*** Material provided Section Begins ***
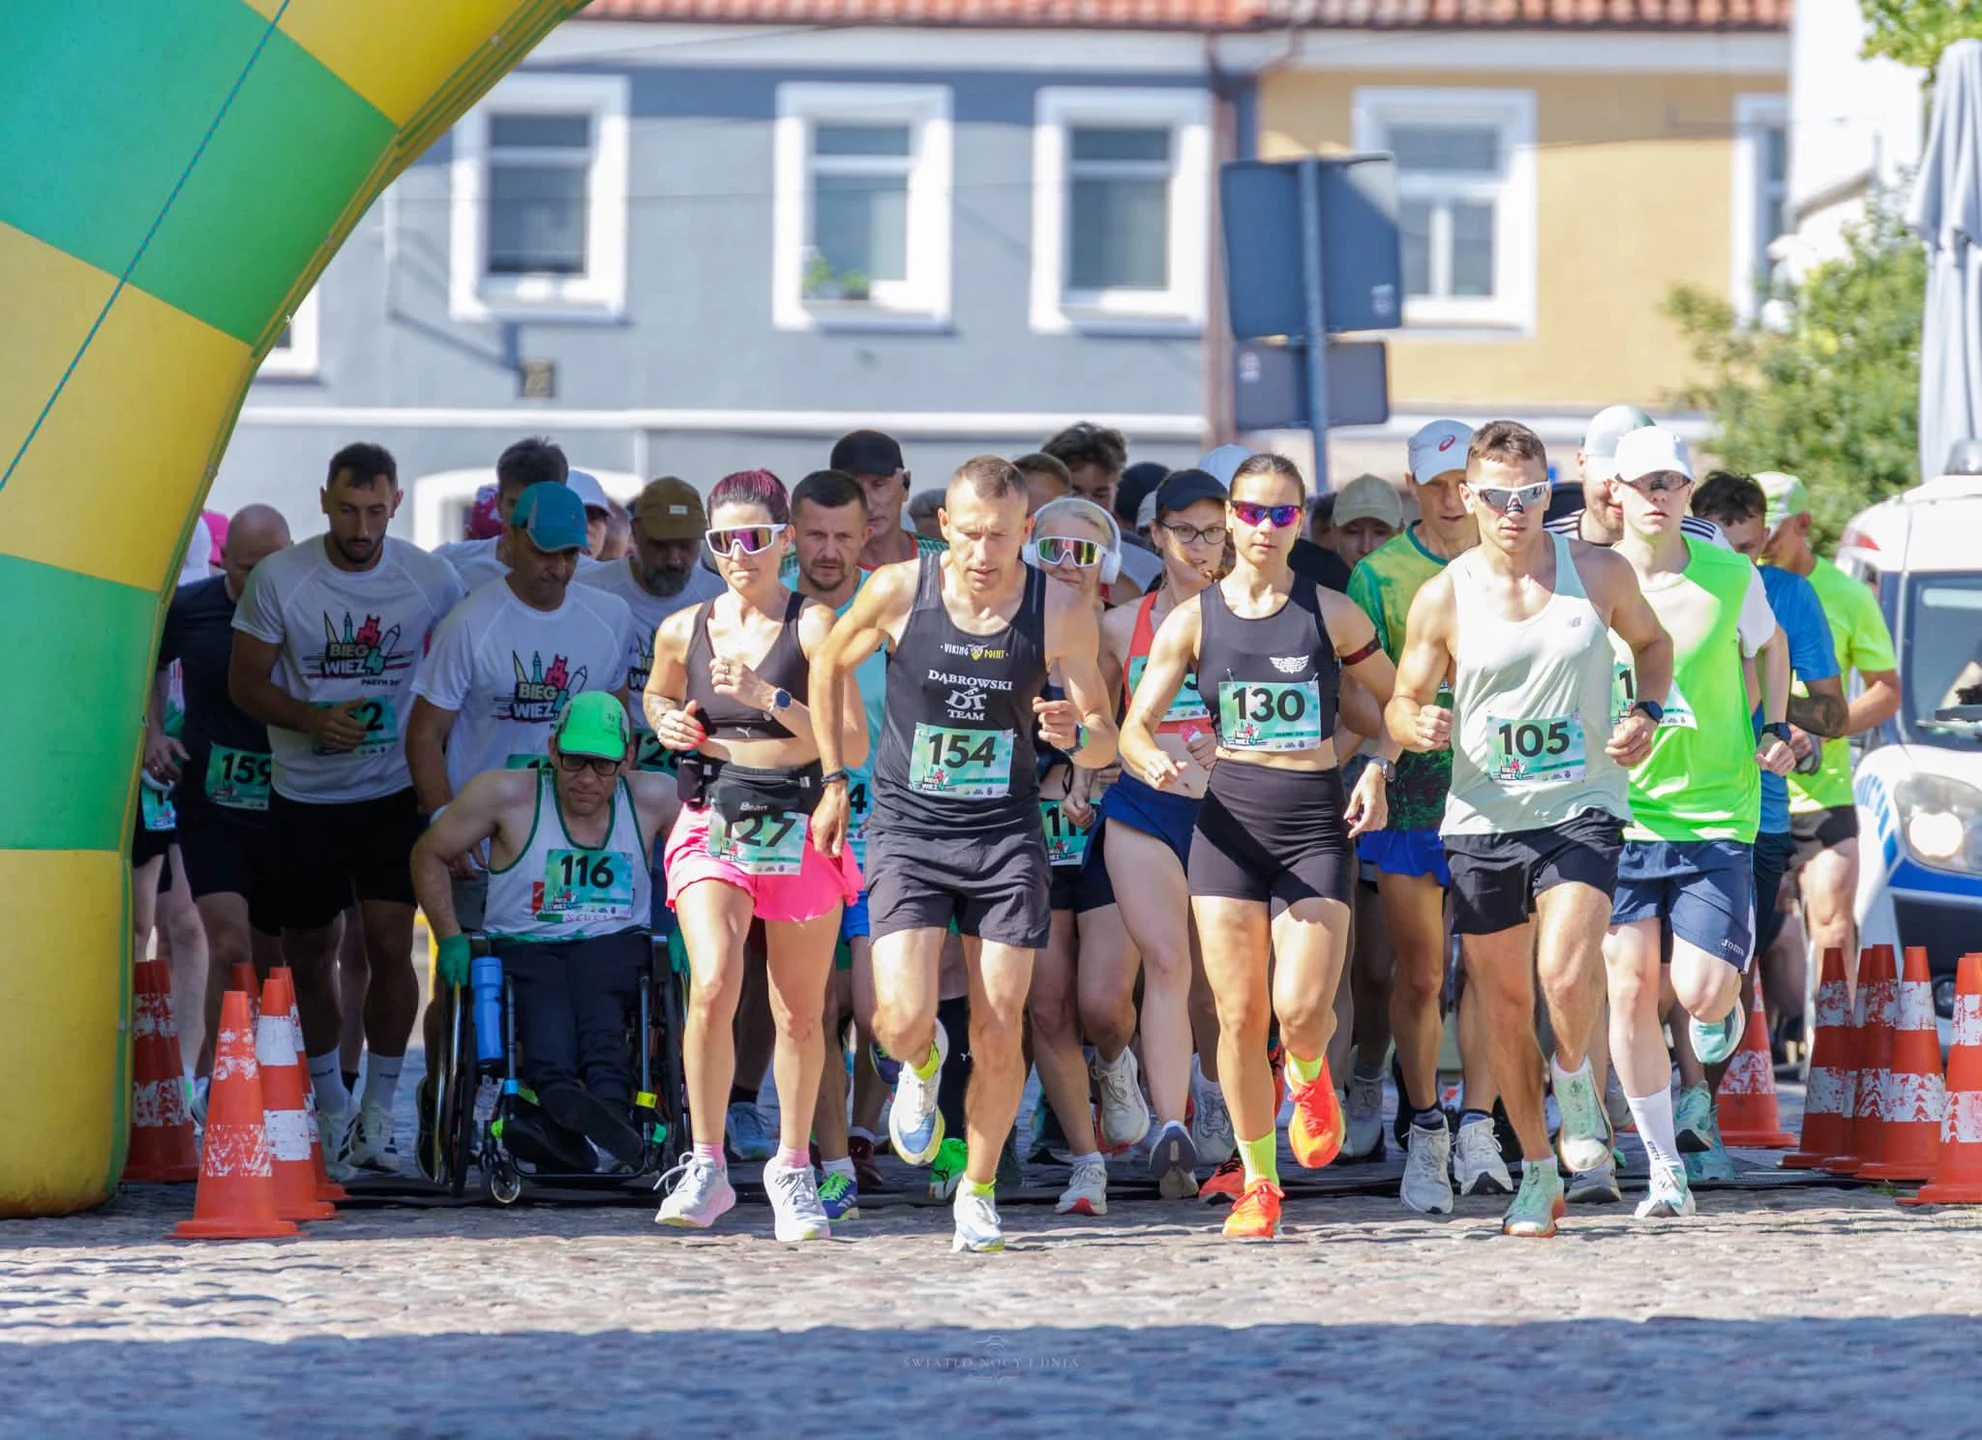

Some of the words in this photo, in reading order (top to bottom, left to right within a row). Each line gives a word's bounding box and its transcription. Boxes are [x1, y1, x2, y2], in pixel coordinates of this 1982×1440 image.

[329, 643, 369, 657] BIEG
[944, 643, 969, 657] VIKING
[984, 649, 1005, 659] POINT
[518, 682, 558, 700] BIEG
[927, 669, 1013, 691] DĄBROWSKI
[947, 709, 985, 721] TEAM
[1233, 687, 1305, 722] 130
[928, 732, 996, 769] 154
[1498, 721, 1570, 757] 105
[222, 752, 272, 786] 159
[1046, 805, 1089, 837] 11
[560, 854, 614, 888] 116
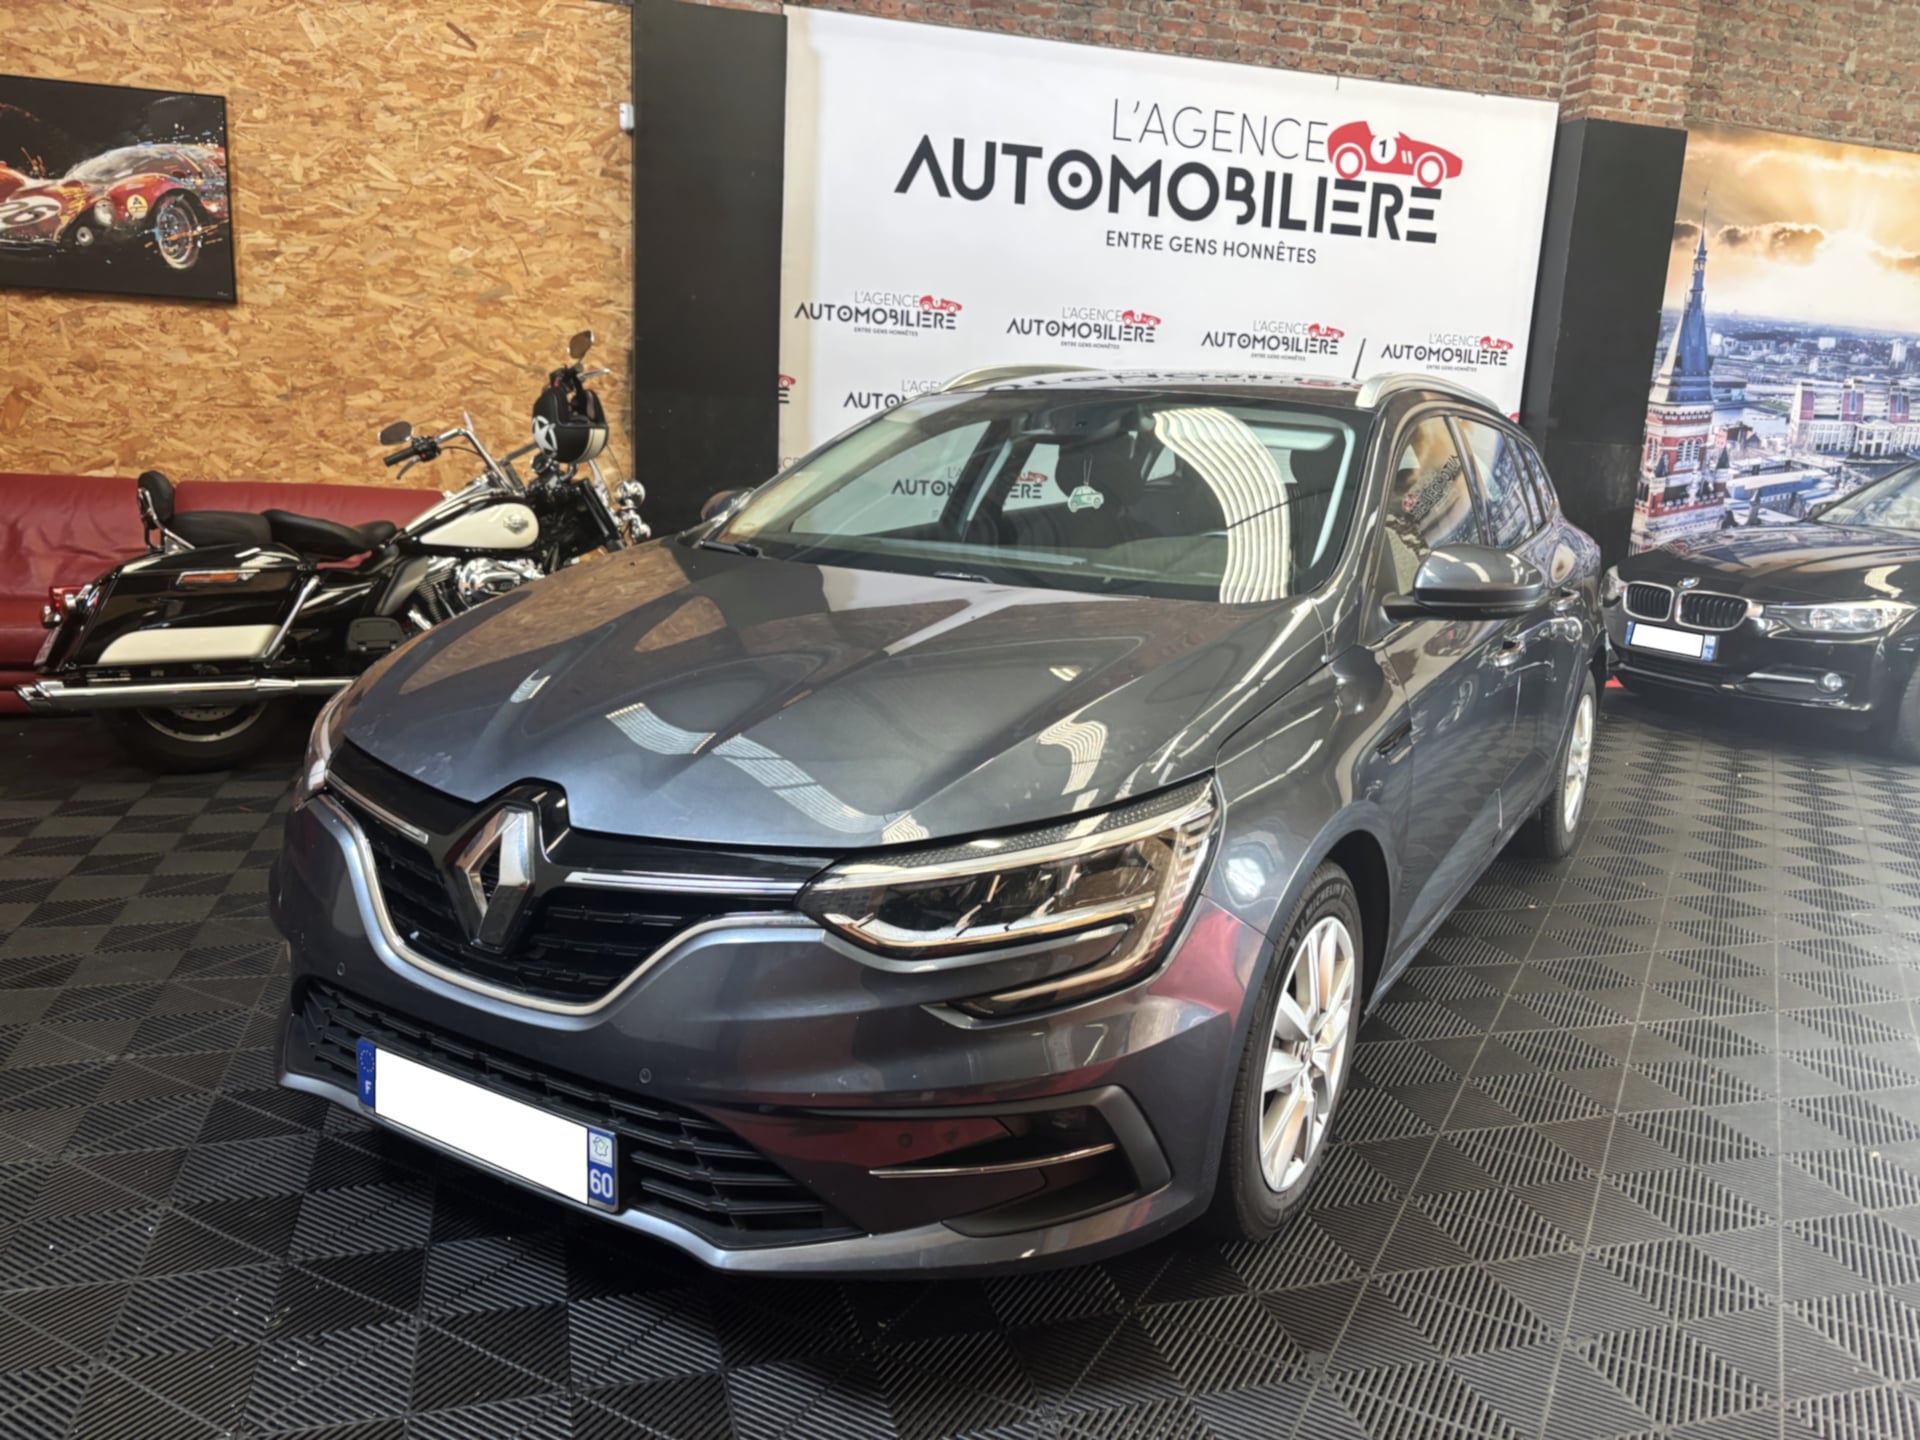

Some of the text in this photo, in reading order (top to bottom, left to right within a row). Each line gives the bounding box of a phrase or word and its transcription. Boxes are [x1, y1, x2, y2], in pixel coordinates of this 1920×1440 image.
*** Material provided Section Ends ***
Your instructions: Print every entry above again without changing a word, and omit the pictures.

Written answer:
Some of the words in this photo, in reading order (top to bottom, left to right within a row). Each line gives a word's bounding box and its transcription. Boxes are [x1, y1, x2, y2], in pixel coordinates of this 1982×1440 image.

[329, 643, 369, 657] BIEG
[944, 643, 969, 657] VIKING
[984, 649, 1005, 659] POINT
[518, 682, 558, 700] BIEG
[927, 669, 1013, 691] DĄBROWSKI
[947, 709, 985, 721] TEAM
[1233, 687, 1305, 722] 130
[928, 732, 996, 769] 154
[1498, 721, 1570, 757] 105
[222, 752, 272, 786] 159
[1046, 805, 1089, 837] 11
[560, 854, 614, 888] 116

Some of the text in this photo, in reading order (top to bottom, left to right within a row). Each line gives the bounding box of a phrase or word and its transcription. Boxes are [x1, y1, x2, y2], in pixel coordinates of this 1920×1440 image.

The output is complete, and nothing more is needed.